Capt. Mike French and Attorney Michael Moore weigh in on why managing hours of work and rest on yachts can be so tough to handle.
The junior deckhand on 50-meter M/Y Incessant could not remember ever being this tired. He had known what he was getting into when he took the job on the notoriously busy charter yacht, but he hadn’t been in any position to be choosy. This was the break he had been waiting for after months of intermittent daywork. And he wasn’t some naïve greenie thinking he was going on holiday; he came into this prepared to work his butt off. That’s exactly what he had been doing. It was week after week of running after demanding guests by day, with barely time to put down a quick meal, and late nights cleaning up after the hard-partiers or fetching them from clubs in the wee hours.
But the paperwork told a whole different story, he thought, as he went to sign a timesheet that the first mate had filled in for him. It was a work of fiction, but what could he do? As usual, he signed it, attesting to an afternoon break and uninterrupted eight-hour expanse of sleep that was the stuff of his fantasies. He suspected if he dared say anything he’d be back on the dock pretty quickly, and there was definitely someone ready to take his place, so he did what any other junior crewmember would do — just suck it up….
“If I dared tell [owner/management] that [the schedule] wasn’t acceptable, I was told in no uncertain terms that if I wanted to keep my job I should put up with it…or was I too old?”
This is an all too common scenario, says Capt. Michael French. In his last command when he would ask new crewmembers to complete their hours of rest, he said about half of them would ask him what he wanted them to write. When he would respond that they should write the exact hours they did and rested, they were quite surprised. “That kind of indicates the prevalence of how many people don’t get to just simply record the hours they work,” he says.

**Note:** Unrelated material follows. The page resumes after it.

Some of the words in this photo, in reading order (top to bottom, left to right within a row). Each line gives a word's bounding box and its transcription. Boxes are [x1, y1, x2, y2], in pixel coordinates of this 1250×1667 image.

French authored an article about fatigue that ran in Dockwalk’s June 2020 issue, for which he interviewed crew and learned they were terrified to say that they needed a break — they would be called weak or not tough enough. “My own experience would seem to endorse that,” he says. “If I dared tell [owner/management] that [the schedule] wasn’t acceptable, I was told in no uncertain terms that if I wanted to keep my job I should put up with it…or was I too old?”
Interestingly, the MLC, 2006 regulations that specify maximum hours of work and minimum hours of rest have done little to improve the situation. Falsifying these records is common practice in all areas of the maritime world. A 2020 study by the World Maritime University titled “A Culture of Adjustment” found that about two-thirds of the time, “Work hours are either under-reported or work/rest hour records are manipulated for compliance purposes.”

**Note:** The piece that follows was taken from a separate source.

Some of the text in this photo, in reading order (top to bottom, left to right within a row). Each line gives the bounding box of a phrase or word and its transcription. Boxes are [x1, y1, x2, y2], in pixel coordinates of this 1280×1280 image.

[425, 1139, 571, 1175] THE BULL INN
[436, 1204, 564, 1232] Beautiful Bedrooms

The study concluded that the root cause of violations and adjustments was insufficient safe manning levels. This definitely applies to yachts, which often fall short on the manpower needed to provide that exceptional guest experience 24/7. And the trend in manning is moving in the wrong direction, French says. He recalls that when he started out some years ago, they would have 12 to 14 crewmembers on a 50-meter vessel. “Now I would say it’s extremely rare to have enough crew — 50-meters is nine crew now.”

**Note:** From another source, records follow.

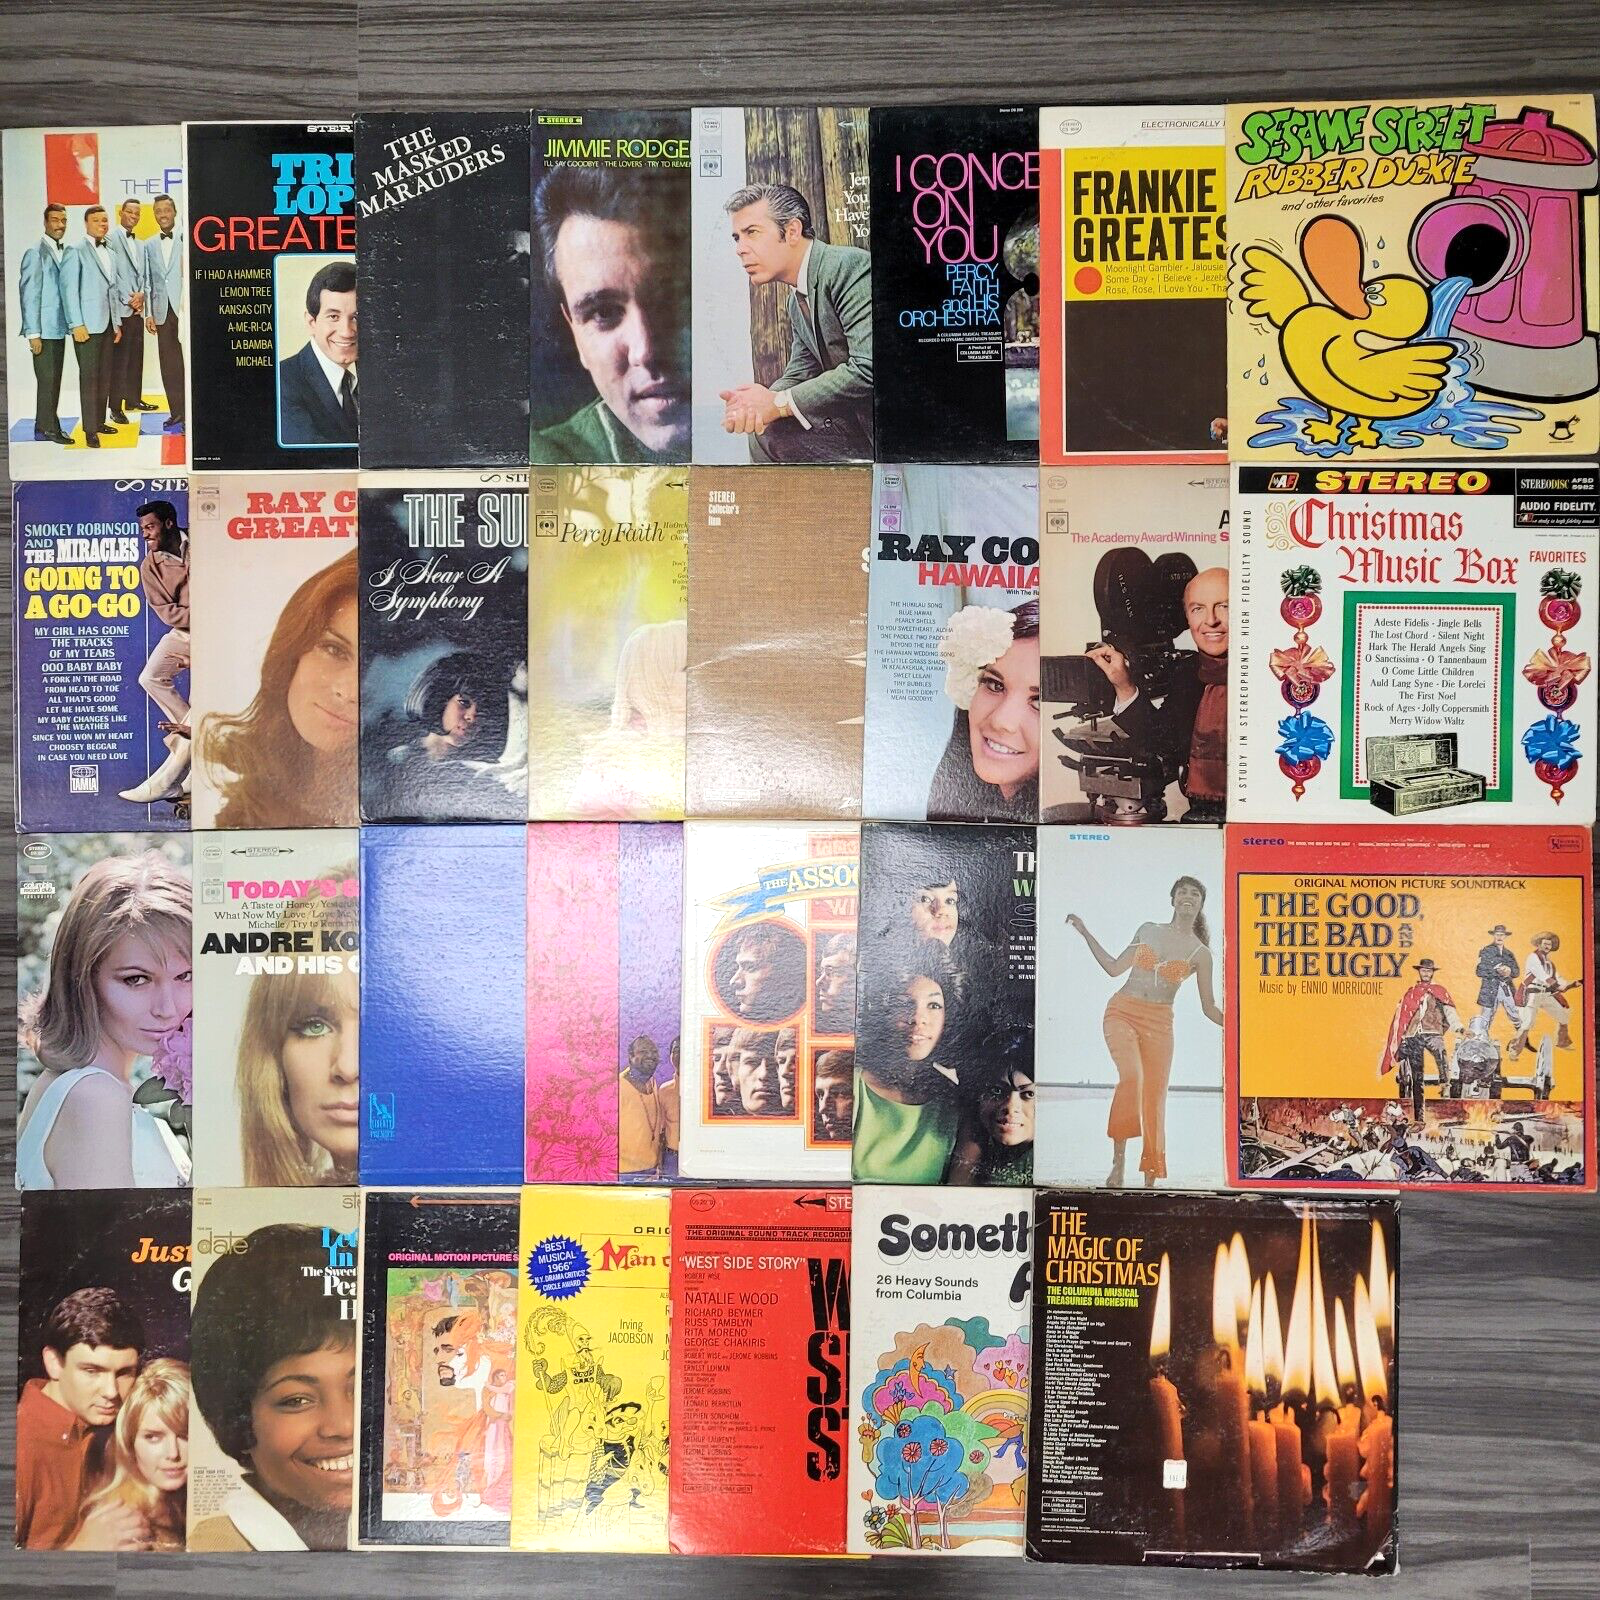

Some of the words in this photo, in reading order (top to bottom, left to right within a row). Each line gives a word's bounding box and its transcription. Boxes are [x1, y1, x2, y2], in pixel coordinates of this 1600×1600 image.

[1141, 120, 1219, 128] ELECTRONICALLY
[1236, 105, 1371, 164] SESAME
[1372, 103, 1496, 155] STREET
[383, 126, 436, 161] THE
[543, 139, 611, 159] JIMMIE
[617, 139, 690, 159] RODGE
[272, 153, 353, 185] TRI
[372, 135, 472, 190] MASKED
[357, 143, 506, 218] MARAUDERS
[895, 154, 901, 192] I
[1235, 156, 1369, 203] RUBBER
[1368, 154, 1480, 188] DUCKIE
[120, 179, 161, 194] THE
[1073, 169, 1217, 215] FRANKIE
[273, 185, 354, 215] LOP
[913, 189, 974, 228] ON
[1281, 200, 1302, 211] and
[1306, 198, 1335, 210] other
[1337, 194, 1384, 207] favorites
[194, 216, 354, 251] GREATE
[913, 225, 998, 264] YOU
[946, 264, 999, 280] PERCY
[1105, 263, 1145, 273] Moonlight
[1148, 263, 1183, 272] Gambler
[1191, 262, 1224, 271] Jalousie
[952, 279, 999, 295] FAITH
[219, 304, 252, 316] KANSAS
[254, 304, 272, 315] CITY
[942, 293, 970, 311] and
[973, 294, 999, 311] HIS
[228, 321, 272, 333] A-ME-RI-CA
[899, 310, 1001, 327] ORCHESTRA
[236, 356, 273, 367] MICHAEL
[1315, 471, 1491, 493] STEREO
[247, 491, 326, 514] RAY
[709, 491, 735, 503] STEREO
[1520, 501, 1550, 511] AUDIO
[708, 503, 739, 515] Collector's
[24, 524, 73, 537] SMOKEY
[77, 522, 139, 536] ROBINSON
[227, 516, 358, 540] GREAT
[403, 493, 465, 547] THE
[1243, 509, 1252, 544] SOUND
[1289, 497, 1464, 549] Christmas
[560, 522, 616, 547] Percy
[613, 521, 665, 543] Faith
[1071, 533, 1089, 543] The
[1091, 533, 1139, 544] Academy
[1141, 532, 1217, 544] Award-Winning
[24, 538, 53, 548] AND
[56, 538, 139, 563] MIRACLES
[24, 550, 54, 563] THE
[878, 533, 976, 564] RAY
[1529, 551, 1586, 563] FAVORITES
[402, 554, 465, 584] Hear
[466, 556, 512, 586] A
[1336, 546, 1442, 584] Music
[1453, 548, 1519, 584] Box
[24, 566, 102, 591] GOING
[106, 566, 140, 590] TO
[1242, 553, 1251, 601] FIDELITY
[24, 595, 48, 619] A
[49, 593, 141, 618] GO-GO
[369, 587, 484, 621] Symphony
[35, 627, 48, 636] MY
[52, 627, 74, 636] GIRL
[78, 626, 99, 635] HAS
[102, 625, 129, 635] GONE
[1374, 618, 1400, 627] Adeste
[1404, 618, 1429, 627] Fidelis
[1436, 619, 1460, 629] Jingle
[1463, 619, 1482, 628] Bells
[1369, 643, 1388, 651] Hark
[1392, 643, 1407, 651] The
[1410, 643, 1436, 652] Herald
[1440, 644, 1465, 653] Angels
[1469, 644, 1486, 653] Sing
[67, 662, 93, 672] BABY
[96, 662, 122, 671] BABY
[1240, 644, 1248, 727] STEREOPHONIC
[1364, 703, 1384, 712] Rock
[1386, 703, 1394, 711] of
[1396, 703, 1416, 713] Ages
[1422, 704, 1439, 713] Jolly
[1441, 704, 1489, 714] Coppersmith
[1239, 734, 1247, 749] IN
[1239, 755, 1247, 791] STUDY
[1242, 837, 1285, 846] stereo
[227, 880, 336, 900] TODAY'S
[764, 878, 788, 889] THE
[1294, 878, 1346, 889] ORIGINAL
[1350, 878, 1397, 889] MOTION
[1401, 879, 1446, 890] PICTURE
[1450, 879, 1526, 890] SOUNDTRACK
[214, 911, 240, 921] What
[243, 911, 263, 920] Now
[266, 911, 281, 921] My
[283, 911, 306, 920] Love
[1254, 892, 1320, 918] THE
[1326, 893, 1425, 921] GOOD,
[200, 932, 316, 954] ANDRE
[1254, 922, 1320, 947] THE
[1324, 922, 1393, 947] BAD
[235, 956, 294, 975] AND
[297, 956, 344, 975] HIS
[1254, 951, 1320, 977] THE
[1325, 952, 1411, 978] UGLY
[1259, 980, 1284, 994] Music
[1287, 981, 1297, 997] by
[1301, 981, 1328, 995] ENNIO
[1332, 981, 1383, 996] MORRICONE
[1049, 1212, 1087, 1235] THE
[197, 1231, 249, 1256] date
[1048, 1236, 1110, 1261] MAGIC
[1115, 1238, 1144, 1262] OF
[388, 1253, 433, 1262] ORIGINAL
[434, 1253, 470, 1262] MOTION
[471, 1253, 511, 1262] PICTURE
[538, 1251, 576, 1264] MUSICAL
[593, 1237, 657, 1271] Man
[723, 1256, 754, 1269] SIDE
[876, 1275, 891, 1286] 26
[895, 1276, 931, 1288] Heavy
[934, 1276, 978, 1288] Sounds
[1046, 1260, 1160, 1286] CHRISTMAS
[685, 1293, 737, 1305] NATALIE
[740, 1293, 779, 1305] WOOD
[876, 1289, 903, 1299] from
[906, 1289, 962, 1300] Columbia
[1047, 1286, 1061, 1296] THE
[1062, 1286, 1102, 1297] COLUMBIA
[1104, 1287, 1139, 1298] MUSICAL
[1047, 1295, 1093, 1306] TREASURIES
[1094, 1297, 1139, 1308] ORCHESTRA
[619, 1318, 643, 1332] Irving
[608, 1332, 653, 1344] JACOBSON

Flag states have caught on to the falsification of records on ships due to the discrepancy between rest hours recorded and overtime paid, but of course on yachts no one gets overtime, making it easier to get away with creative record-keeping. Capt. French kept accurate records but was amazed that in 10 audits over five years on his last yacht, he was never once called out for hours of rest violations.
In addition to flag state audits, port states also have the right to examine work/rest records. “STCW provides control authority to Port State Control (PSC) Officers, who may take actions, including vessel detention, to ensure the vessel does not pose a danger to persons, property, or the environment. This includes verification that the vessel has seafarers who are sufficiently rested and otherwise fit for duty,” says the USCG. “PSC examinations are intended to be of sufficient breadth and depth to validate that a vessel’s major systems comply with applicable international standards and domestic requirements and that the crew safely operates the vessel with sufficient proficiency. This includes minimum safe manning, certificates of competency/endorsements, as well as crew familiarization and rest hours.”
Having the yacht detained by the port state is one such worst-case scenario — a worse one is an accident caused by fatigue. As maritime lawyer Michael Moore says, “The owner has a non-delegable duty to provide a seaworthy vessel. An exhausted crew would make the vessel unseaworthy. Negligence attributed to exhaustion would be a separate and distinct cause of action. Violating the MLC provisions on working hours would make it easier to prove both causes of action.”
In the case of our junior deckhand’s situation, there is little he can do but move on to another vessel, says French. “It certainly won’t change by going to the captain and saying ‘You’re working us too hard,’ because I’m pretty sure that won’t yield the captain saying, ‘Oh yeah, you’re right, let’s take a break.’”
Very often the captain’s hands are tied. The ISS Captain’s Committee pointed this out in an article they wrote called “Fatigue in Captaincy:” “It is beyond the capacity of the captain, with their single source of income, to speak out. Captains will buckle in deference to their job security. It takes an industry-wide commitment.”
This column is taken from the January 2021 issue of Dockwalk.